Ruby, forzati gli armadietti con i fascicoli dell’inchiesta

1' di lettura

L'effrazione nell’ufficio del gip di Milano sarebbe avvenuta ad agosto. Ma nessun atto sarebbe stato rubato. Intanto Ghedini, torna sulla telefonata arrivata in Questura: fu fatta dal caposcorta del premier al solo scopo di informarsi

LE FOTO: Berlusconi e le donne - Ruby Rubacuori - La stampa straniera ne parla così
Ruby, ancora dubbi sulla notte in questura del 27 maggio

Qualcuno è entrato di nascosto nell'ufficio del gip milanese che segue le indagini sul 'caso Ruby'. E' successo lo scorso agosto quando un'altra misteriosa effrazione, con tanto di scassinamento di un armadietto, si è verificata nell'ufficio del presidente dei gip di Milano. Dai locali non è stato portato via alcun atto relativo all' inchiesta, perché le carte erano già custodite "con misure speciali di sicurezza", come fa sapere la Procura di Milano, che spiega inoltre che sono episodi che non destano "alcuna preoccupazione".

Come anticipato oggi dal sito de 'L'Espresso', nella seconda metà di agosto qualcuno sarebbe entrato dentro l'ufficio del gip di Milano Cristina Di Censo, che ha disposto le intercettazioni nell'ambito dell'inchiesta con al centro la giovane marocchina. E due giorni dopo sarebbe stata forzata la porta dell'ufficio del presidente dei gip Gabriella Manfrin e poi scassinato un armadietto. Non è stato portato via nulla dagli uffici, anche perché, come ribadiscono fonti giudiziarie, gli atti dell'inchiesta erano già da tempo sottoposti a misure di sicurezza speciali. Le stesse fonti parlano di tentativi di effrazione "grossolani". Il procuratore capo Edmondo Bruti Liberati spiega che si sta indagando sugli episodi anche se si ritiene al momento che non ci siano "collegamenti" con l' inchiesta sul caso Ruby e aggiunge che "non c'e' alcuna preoccupazione". La vigilanza sui fascicoli è stata comunque rafforzata.

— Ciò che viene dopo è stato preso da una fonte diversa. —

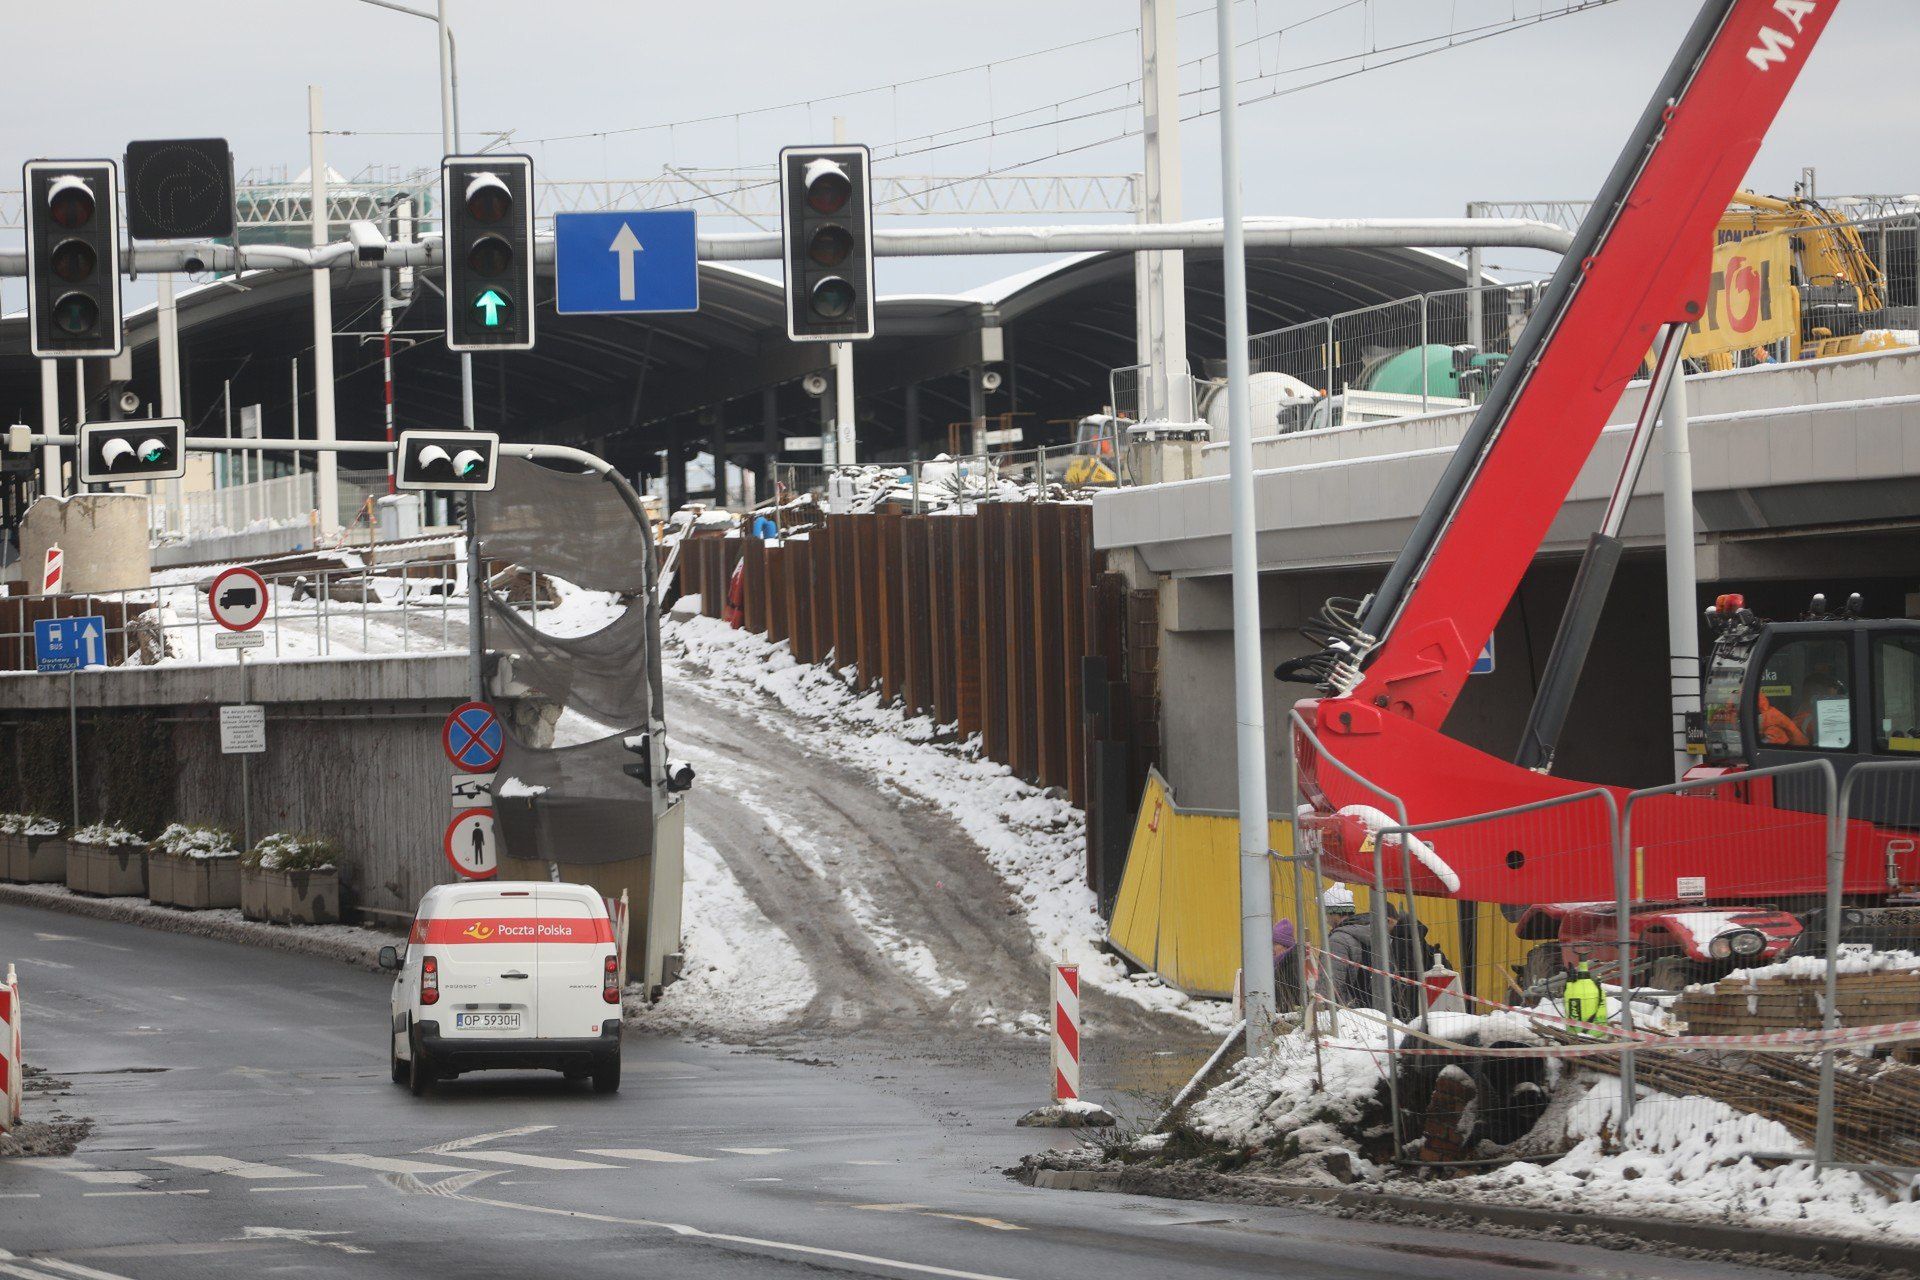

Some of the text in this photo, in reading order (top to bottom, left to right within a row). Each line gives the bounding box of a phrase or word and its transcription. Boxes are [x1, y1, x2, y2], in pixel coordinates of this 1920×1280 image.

[1718, 229, 1768, 245] KOMA
[498, 924, 572, 936] Poczta Polska
[464, 1015, 518, 1026] OP 5930H

Intanto Niccolò Ghedini, ospite alla trasmissione di Annozero, torna sul caso Ruby e ricostruisce la filiera della telefonata al capo di gabinetto della Questura di Milano. "La Minetti l'ha avvisata il presidente Berlusconi. Il presidente è stato informato da una comune conoscente, avvisata a sua volta da un'amica della ragazza fermata". "La telefonata - spiega il deputato Pdl che, come legale del premier, conferma di aver svolto "accurate indagini investigative" - è stata fatta non dalla Presidenza del Consiglio ma dal capo scorta del presidente del Consiglio che ha telefonato, su indicazione del presidente, al dottor Ostuni. Parliamo di una persona che ha il grado di vicequestore, non dell'ultimo poliziotto, che parla con il proprio interlocutore istituzionale e che sa dunque che quella conversazione finirà in una relazione di servizio".

Dunque, riprende Ghedini, quella chiamata serviva "a informarsi e non a fare pressioni, anche perché Ostuni nulla sapeva di quello che accadeva". Altre circostanze riferite dai media e dagli atti, alter precisazioni: "Berlusconi ha detto che la ragazza era maggiorenne e nipote di Mubarak, ciò che la stessa ragazza aveva detto. Il presidente può anche essere immaginifico - scherza Ghedini - ma non tanto da dire una cosa del genere se non fosse stata la ragazza a farlo". Anzi, 'Ruby' aveva detto "che aveva un lontano grado di parentela con Mubarak, per parte di madre, ma i rapporti erano rotti e da tempo non ce n'era nessuno".

Ancora chiarimenti per quanto riguarda invece l'agenda di Berlusconi risultante dalle dichiarazioni di Nadia, circa le feste a Villa Certosa: "Se fosse vero come dice che quella festa si è tenuta due giorni prima del sisma in Abruzzo c'è una straordinaria discrasia per le quali bastano verifiche giornalistiche e non indagini difensive. Siccome il sisma purtroppo è del 6 aprile 2009, il piccolo problema è che il presidente il 3 e il 4 aprile era a Strasburgo, il 5 a Praga e il 6 a Roma dove ha preso un elicottero per recarsi sull'area colpita". Altra battuta di Ghedini: "Il presidente ha doti straordinarie ma non quella dell'ubiquità...".